> Data listing
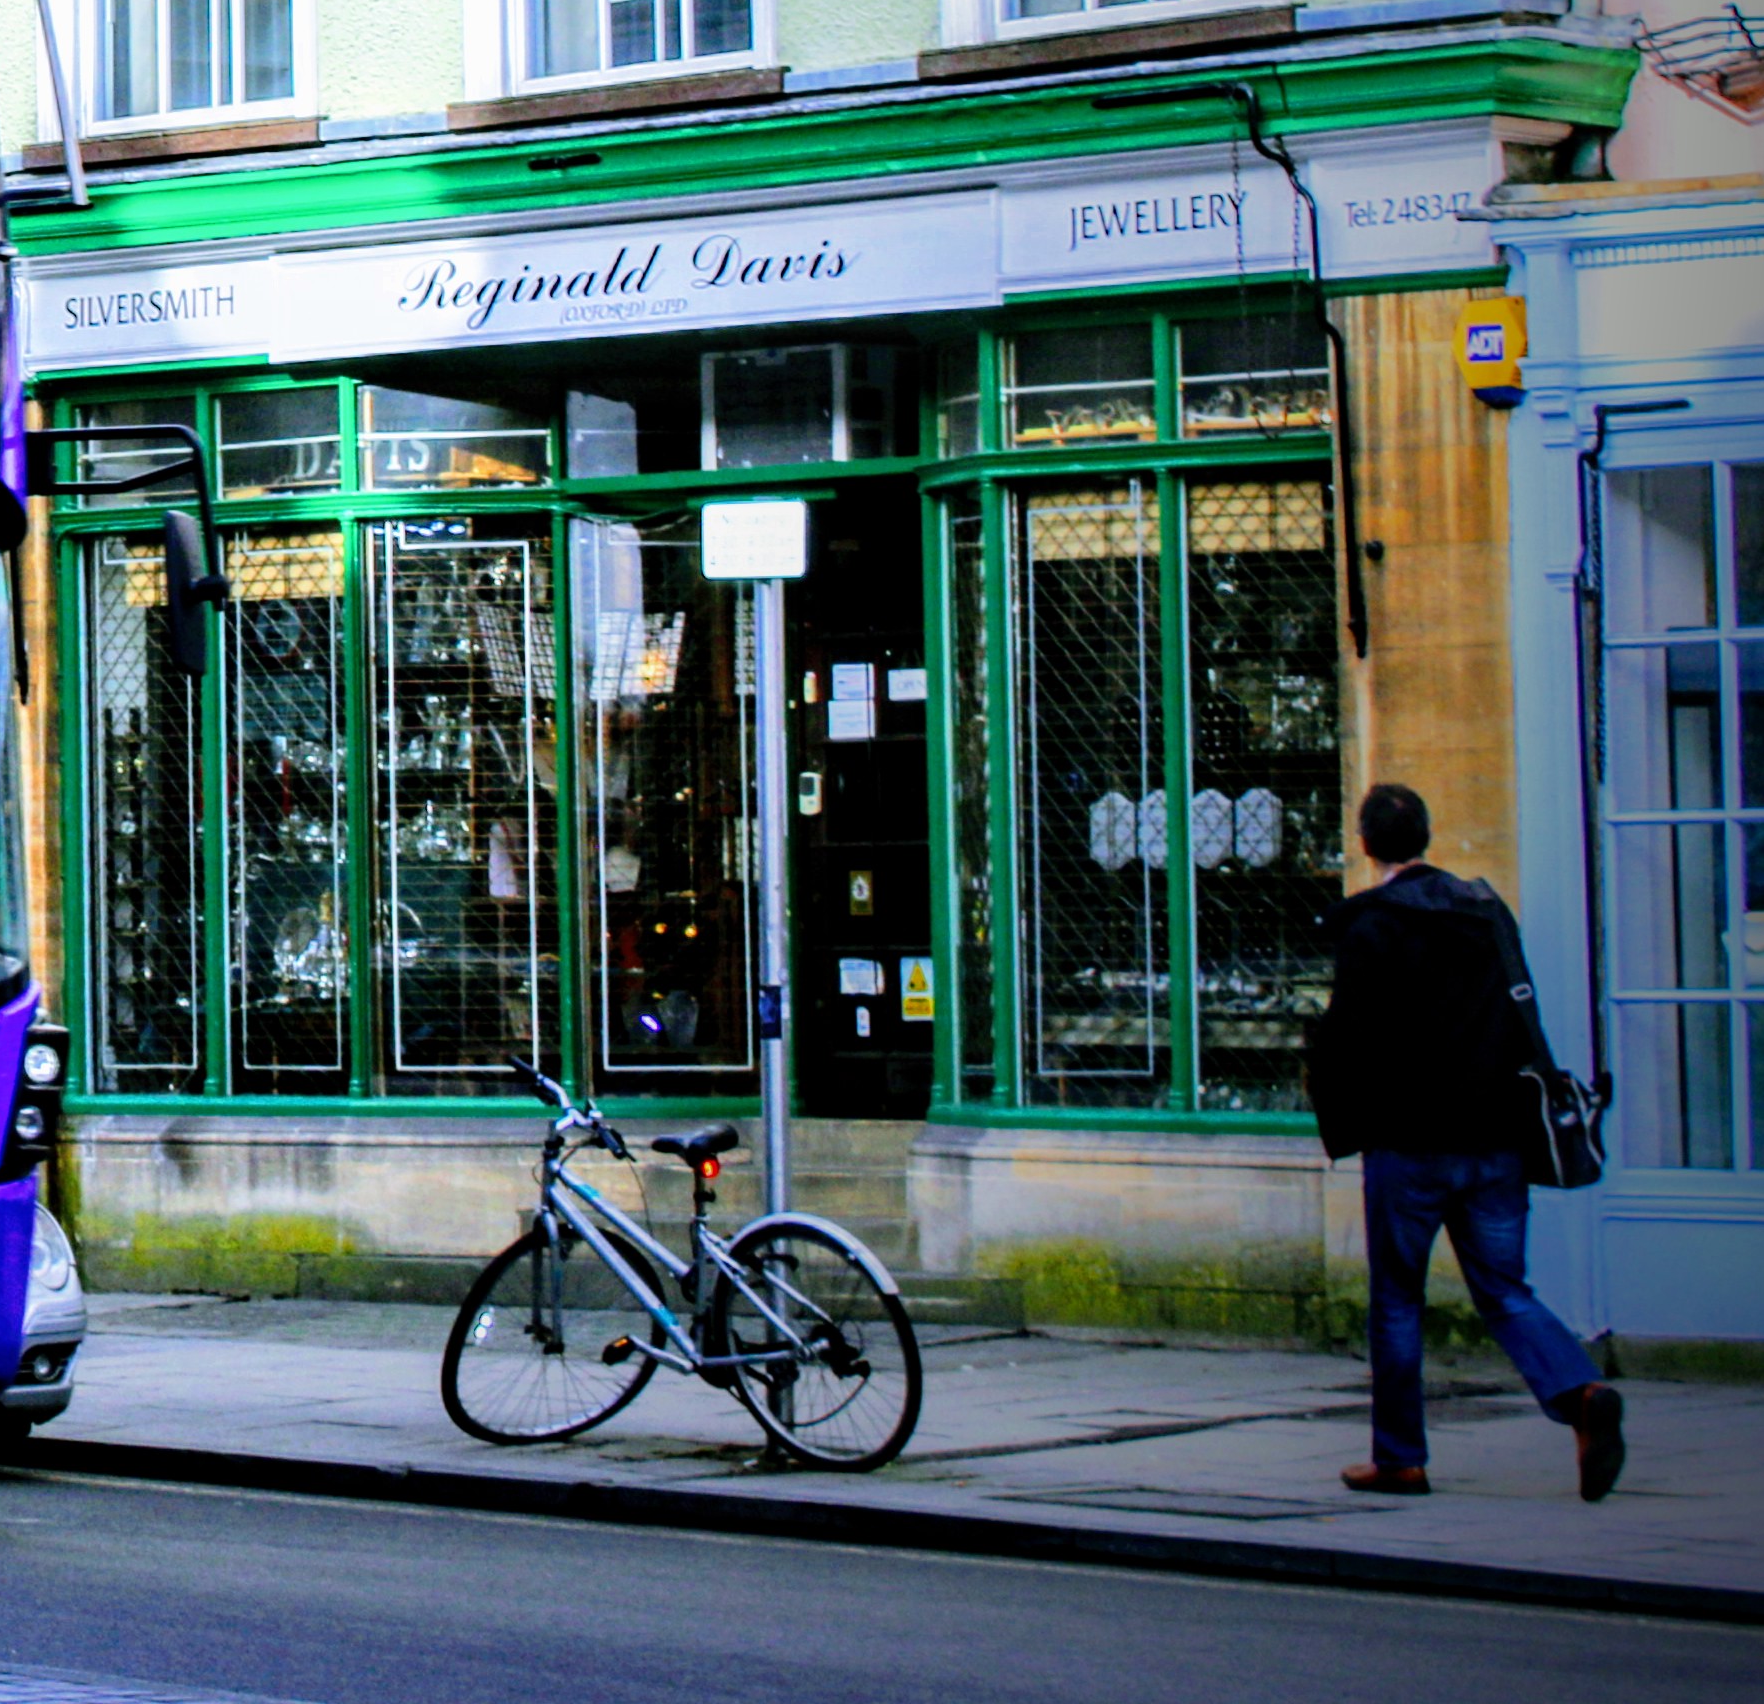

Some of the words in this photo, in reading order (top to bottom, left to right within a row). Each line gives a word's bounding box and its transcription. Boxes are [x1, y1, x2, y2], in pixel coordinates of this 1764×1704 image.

[1069, 190, 1249, 252] JEWELLERY
[1382, 191, 1472, 224] 248347
[398, 242, 666, 331] Reginald
[691, 233, 862, 291] Davis
[64, 285, 234, 330] SILVERSMITH
[1467, 329, 1503, 358] ADT

> Directions
Every line above should be returned exactly; the pictures stay out.

> Finished exercise
Some of the words in this photo, in reading order (top to bottom, left to right within a row). Each line gives a word's bounding box and its transcription. Boxes are [x1, y1, x2, y2], in pixel coordinates of this 1764×1704 image.

[1069, 190, 1249, 252] JEWELLERY
[1382, 191, 1472, 224] 248347
[398, 242, 666, 331] Reginald
[691, 233, 862, 291] Davis
[64, 285, 234, 330] SILVERSMITH
[1467, 329, 1503, 358] ADT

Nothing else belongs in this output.